### Try it:
Retype the records below word for word and omit any image.

• • • •

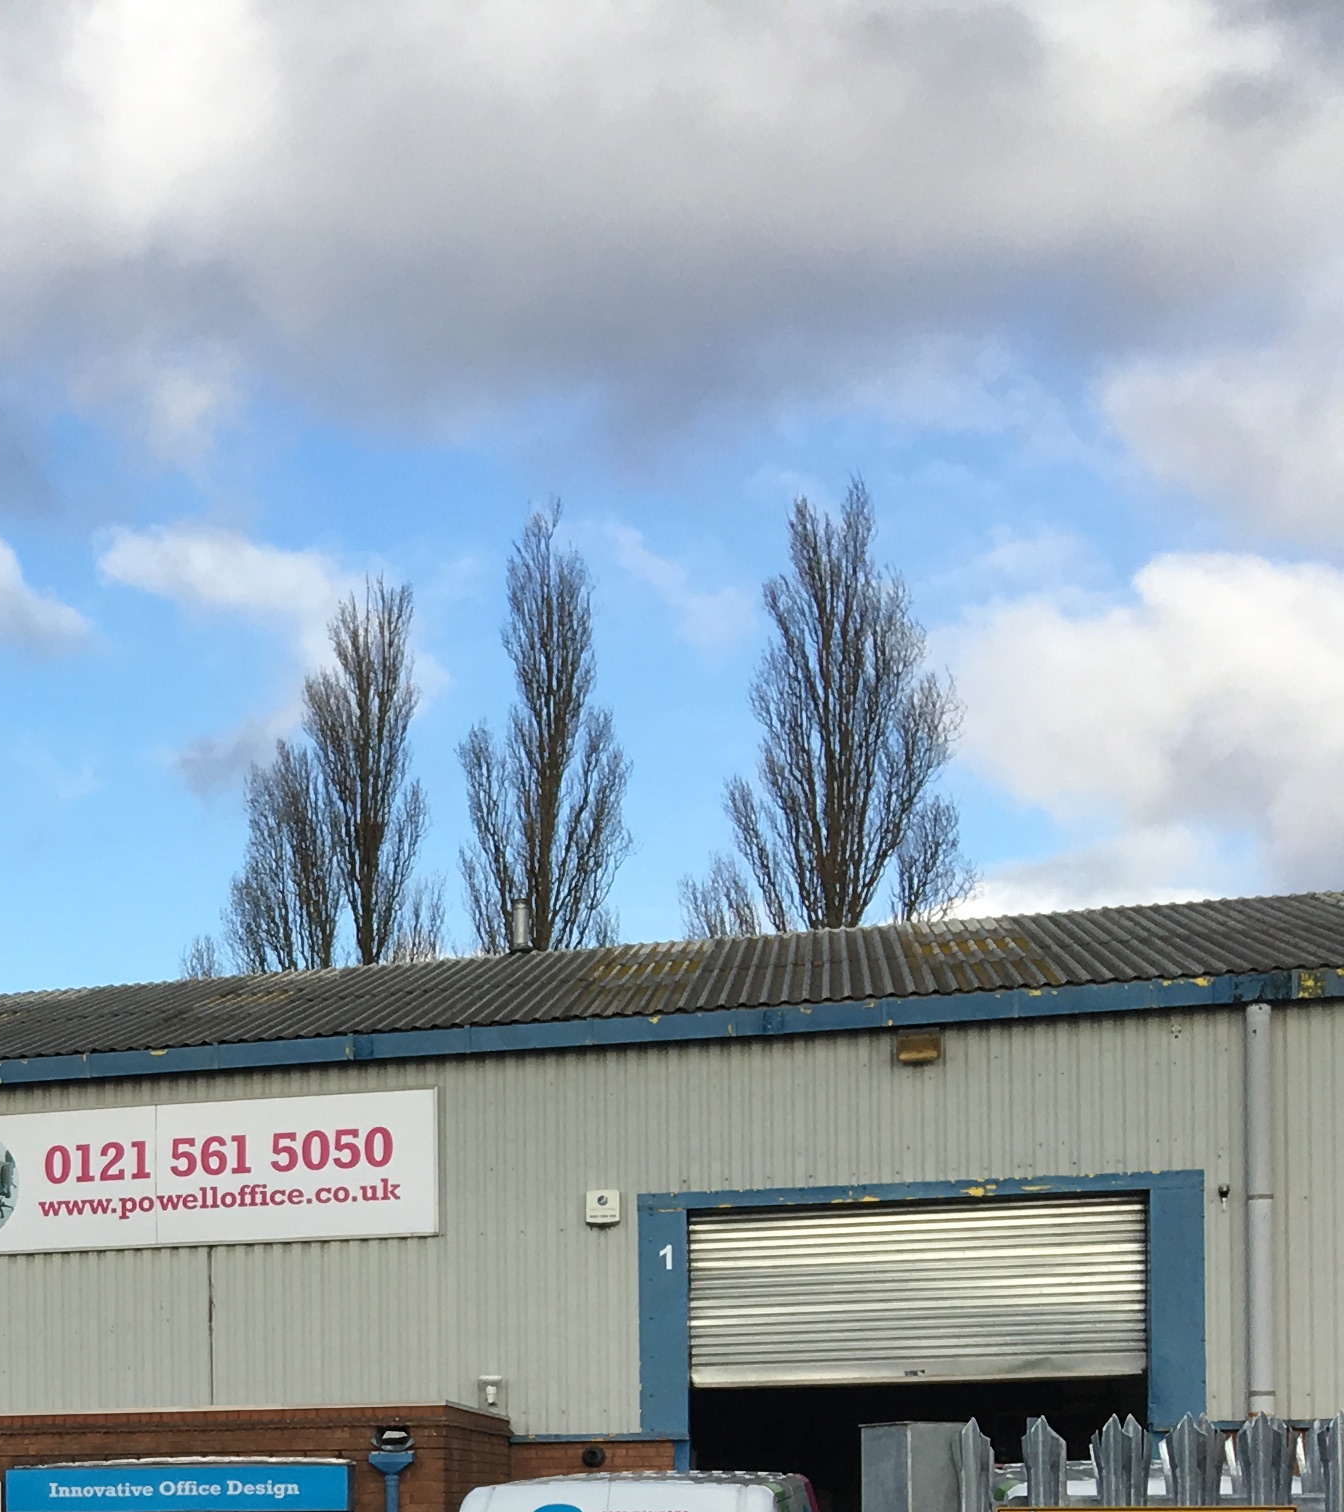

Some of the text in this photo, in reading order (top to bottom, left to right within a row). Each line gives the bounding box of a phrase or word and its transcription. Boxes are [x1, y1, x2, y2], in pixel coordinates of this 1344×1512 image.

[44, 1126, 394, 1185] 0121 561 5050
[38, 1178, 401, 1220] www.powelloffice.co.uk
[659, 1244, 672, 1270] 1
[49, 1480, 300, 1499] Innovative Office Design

• • • •

### Exercise answer:
Some of the text in this photo, in reading order (top to bottom, left to right within a row). Each line gives the bounding box of a phrase or word and its transcription. Boxes are [x1, y1, x2, y2], in pixel coordinates of this 1344×1512 image.

[44, 1126, 394, 1185] 0121 561 5050
[38, 1178, 401, 1220] www.powelloffice.co.uk
[659, 1244, 672, 1270] 1
[49, 1480, 300, 1499] Innovative Office Design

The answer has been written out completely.